__EXERCISE DETAILS__
The entries below need to be transcribed exactly, without their images.

__RECORDS TO USE__

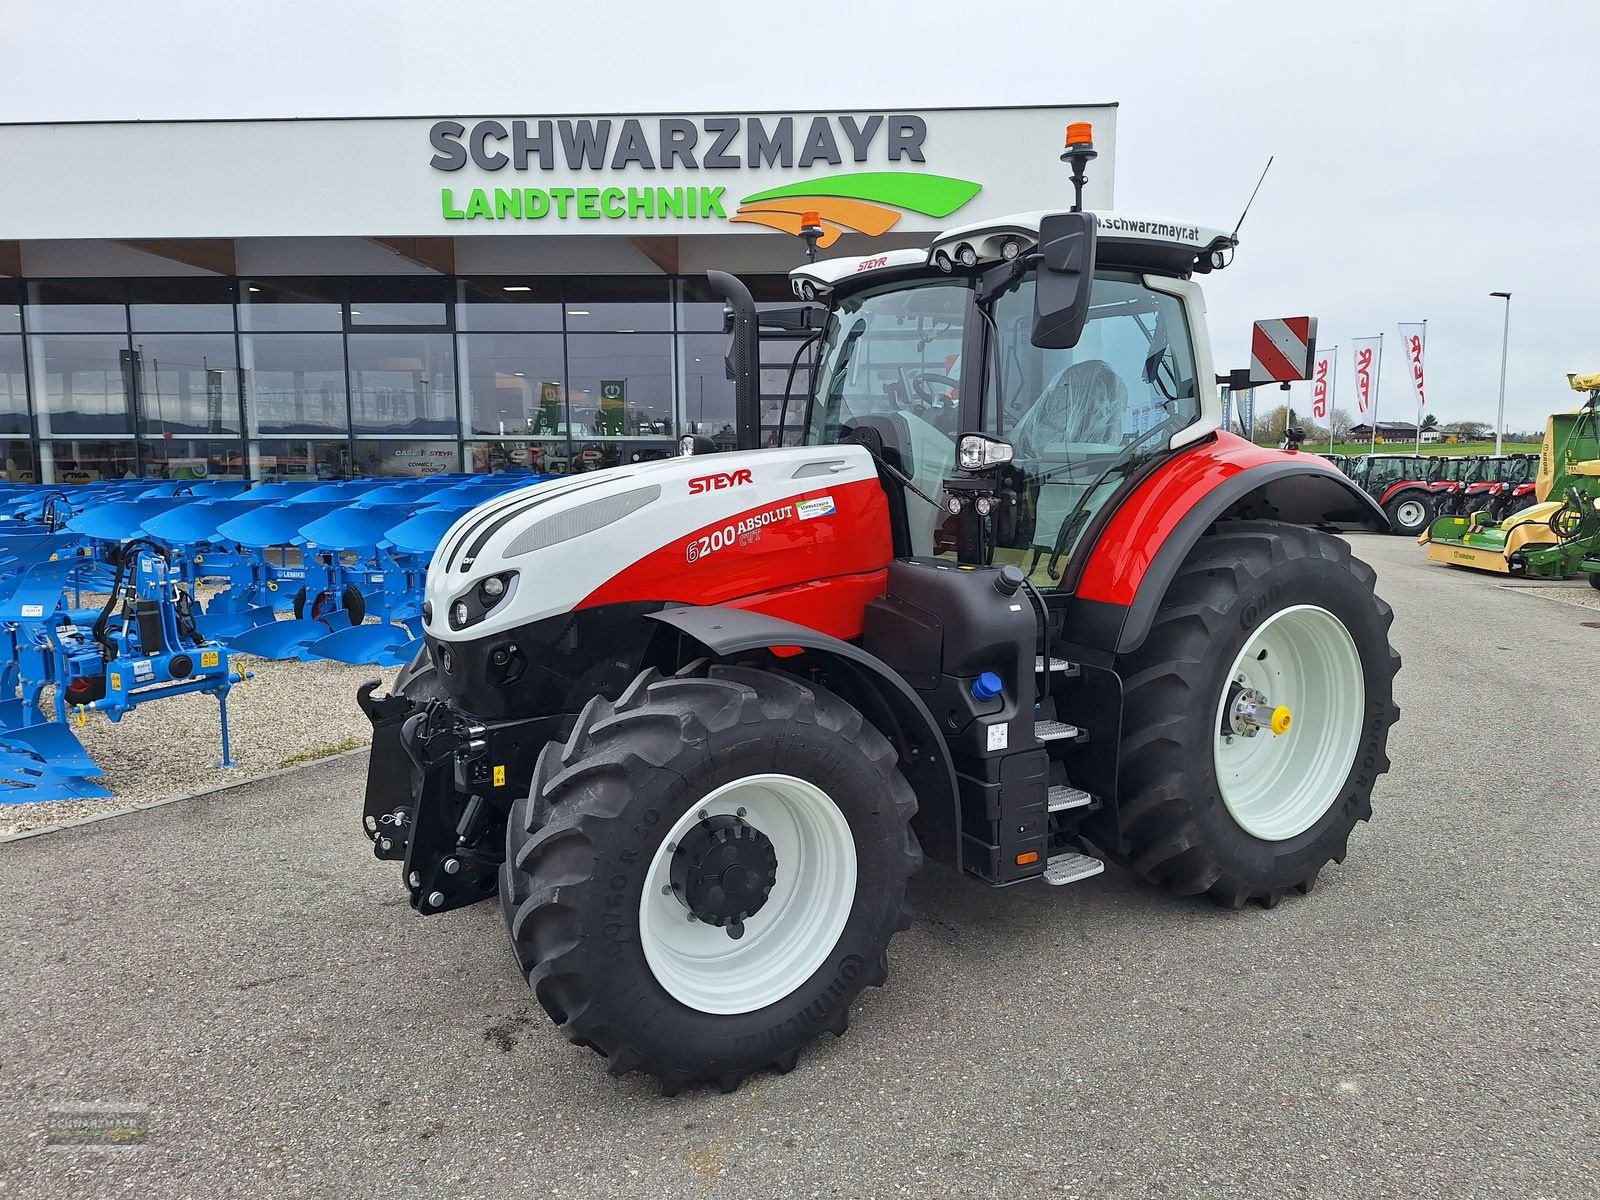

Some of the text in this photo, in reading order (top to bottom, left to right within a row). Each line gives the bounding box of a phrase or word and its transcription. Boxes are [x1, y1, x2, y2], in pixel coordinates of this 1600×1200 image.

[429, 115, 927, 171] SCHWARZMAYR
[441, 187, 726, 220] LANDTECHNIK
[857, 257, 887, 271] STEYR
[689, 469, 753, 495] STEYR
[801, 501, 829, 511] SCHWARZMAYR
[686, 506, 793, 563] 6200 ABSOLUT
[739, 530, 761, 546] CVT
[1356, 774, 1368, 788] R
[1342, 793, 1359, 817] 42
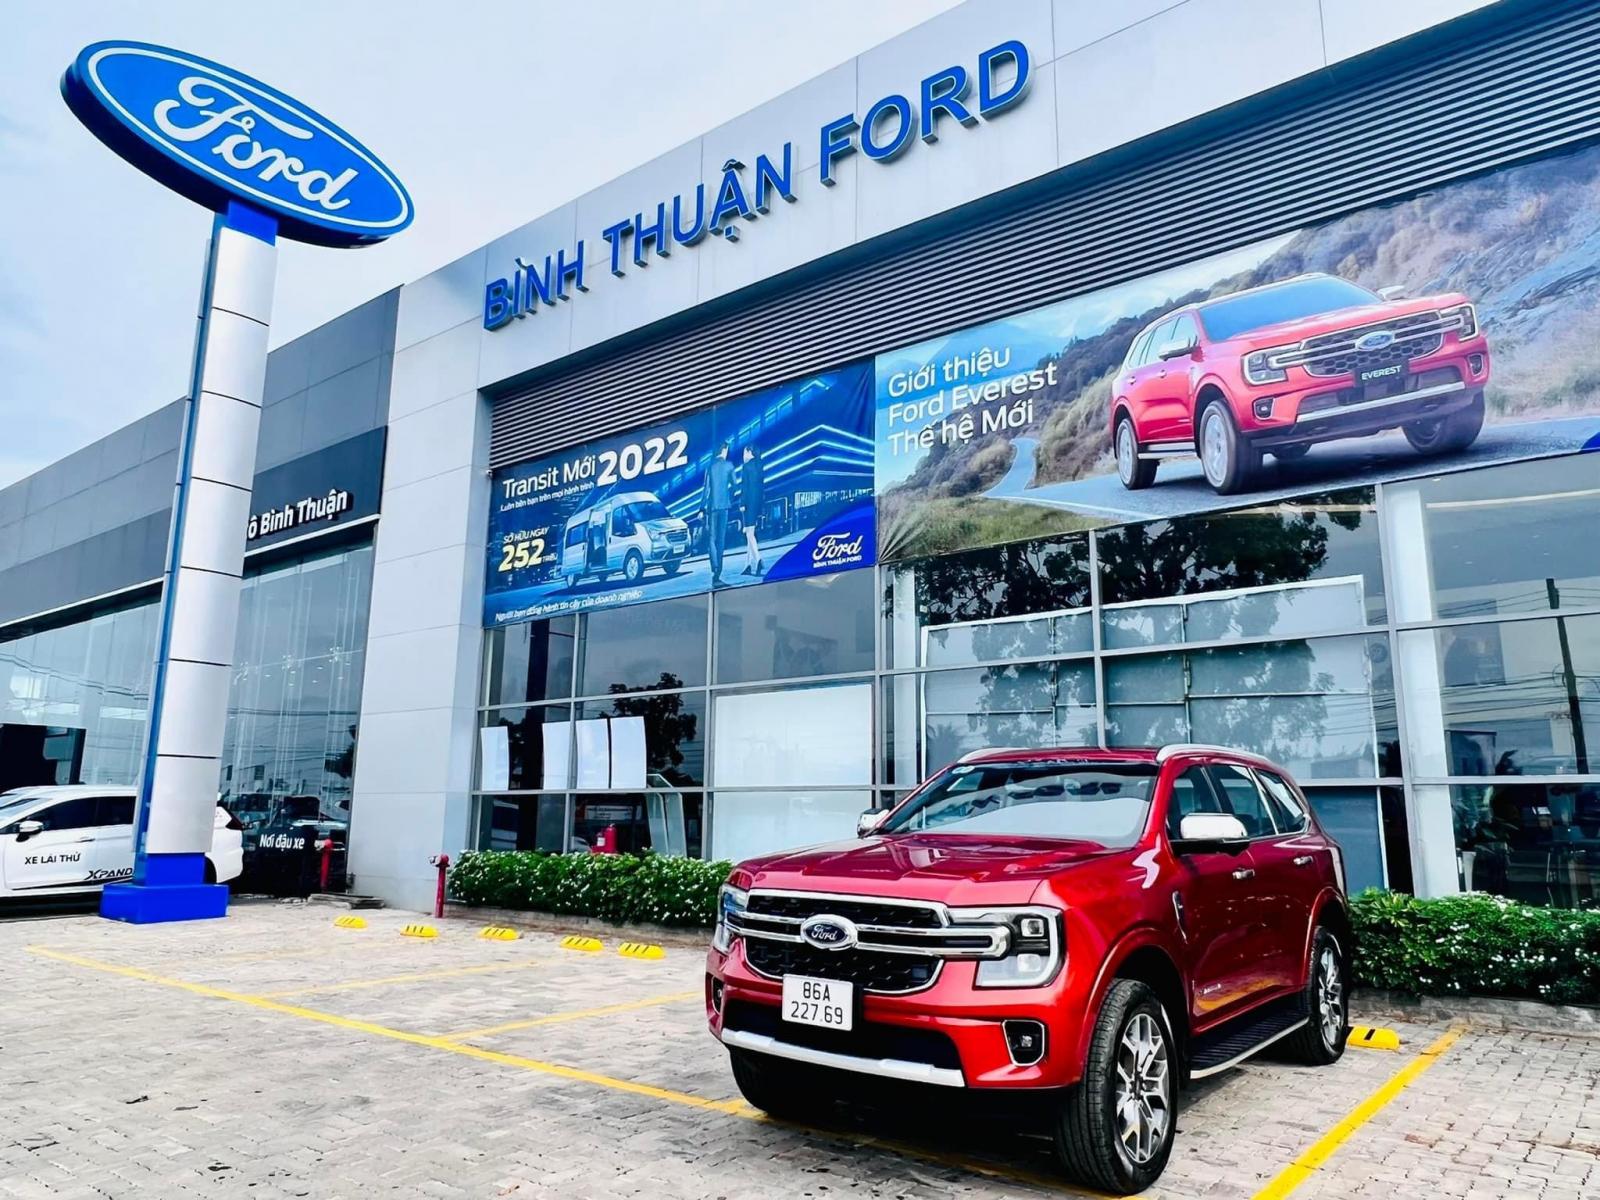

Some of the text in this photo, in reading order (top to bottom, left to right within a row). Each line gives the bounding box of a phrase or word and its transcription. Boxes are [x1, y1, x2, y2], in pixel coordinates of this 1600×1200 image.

__YOUR RESPONSE__
Some of the text in this photo, in reading order (top to bottom, left to right within a row). Each line gives the bounding box of a phrase or word and its transcription. Boxes are [x1, y1, x2, y2], in pixel coordinates of this 1600×1200 image.

[429, 115, 927, 171] SCHWARZMAYR
[441, 187, 726, 220] LANDTECHNIK
[857, 257, 887, 271] STEYR
[689, 469, 753, 495] STEYR
[801, 501, 829, 511] SCHWARZMAYR
[686, 506, 793, 563] 6200 ABSOLUT
[739, 530, 761, 546] CVT
[1356, 774, 1368, 788] R
[1342, 793, 1359, 817] 42

Some of the text in this photo, in reading order (top to bottom, left to right within a row). Each line gives the bounding box of a phrase or word and its transcription. Boxes are [x1, y1, x2, y2], in pixel coordinates of this 1600×1200 image.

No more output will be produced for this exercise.